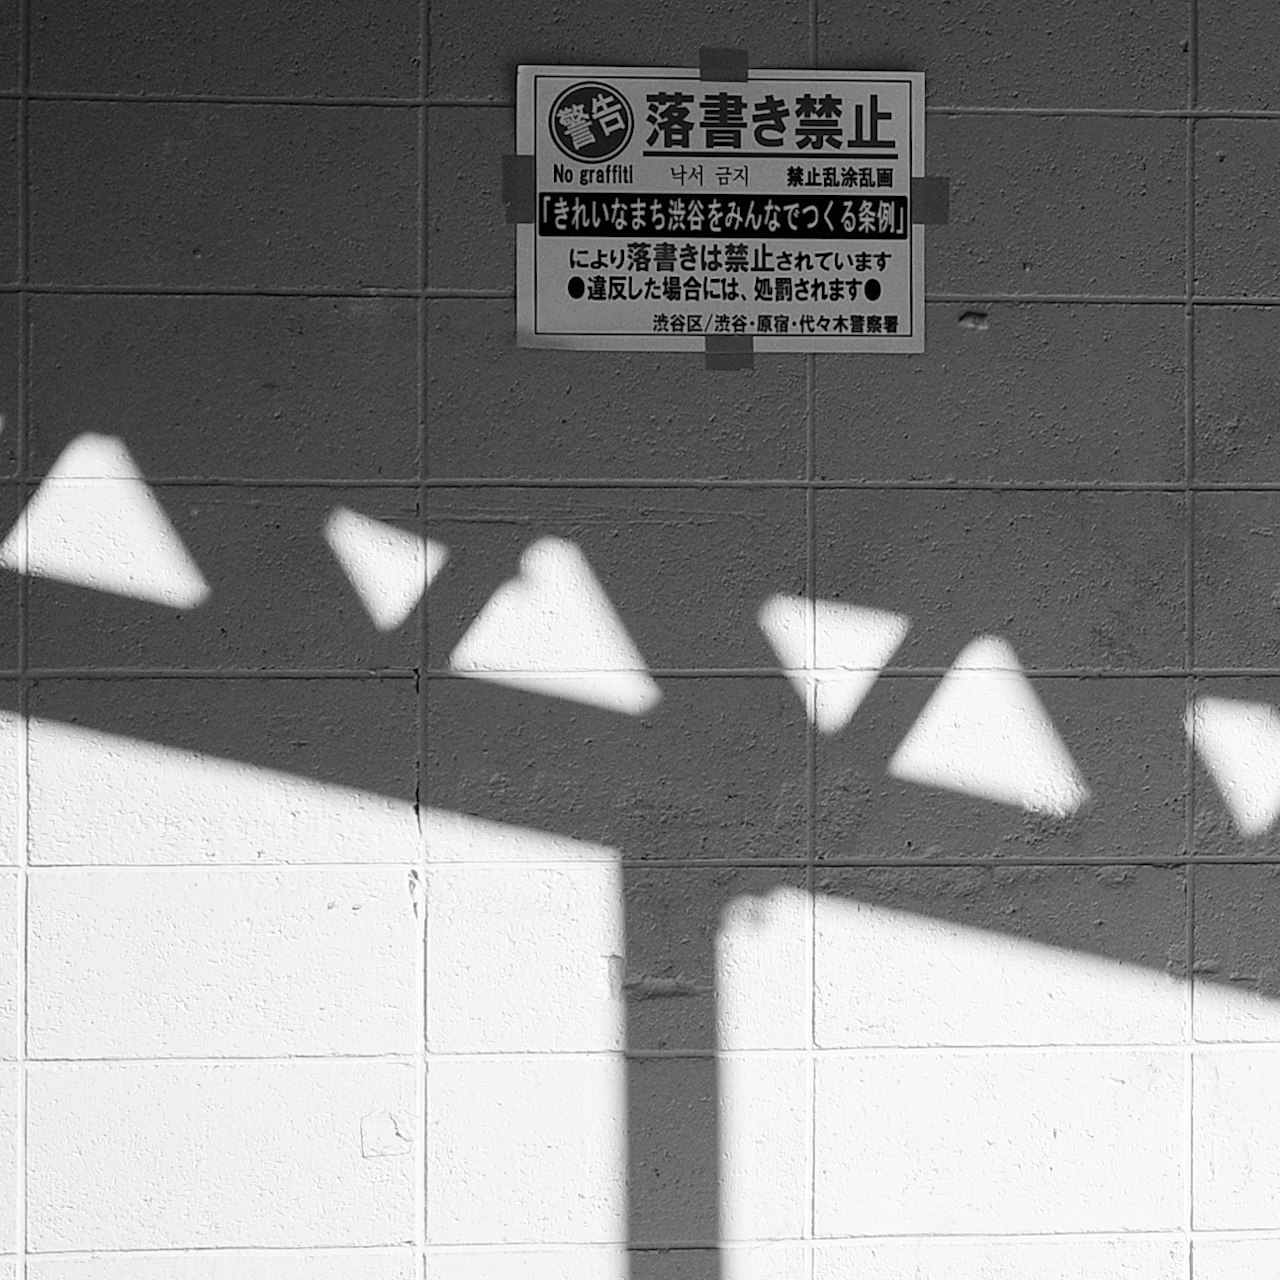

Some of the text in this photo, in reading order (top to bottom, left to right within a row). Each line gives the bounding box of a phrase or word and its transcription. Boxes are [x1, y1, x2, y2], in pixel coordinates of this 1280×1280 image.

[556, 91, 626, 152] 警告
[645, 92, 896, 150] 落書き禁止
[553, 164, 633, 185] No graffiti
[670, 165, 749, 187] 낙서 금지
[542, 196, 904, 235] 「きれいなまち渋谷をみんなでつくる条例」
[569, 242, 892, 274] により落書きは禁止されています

_ _ _ _ _ _ _

● PROBLEM STATEMENT:
From the first line to the last, print the records exactly; leave out the pictures.

● RESPONSE:
Some of the text in this photo, in reading order (top to bottom, left to right within a row). Each line gives the bounding box of a phrase or word and its transcription. Boxes are [x1, y1, x2, y2], in pixel coordinates of this 1280×1280 image.

[556, 91, 626, 152] 警告
[645, 92, 896, 150] 落書き禁止
[553, 164, 633, 185] No graffiti
[670, 165, 749, 187] 낙서 금지
[542, 196, 904, 235] 「きれいなまち渋谷をみんなでつくる条例」
[569, 242, 892, 274] により落書きは禁止されています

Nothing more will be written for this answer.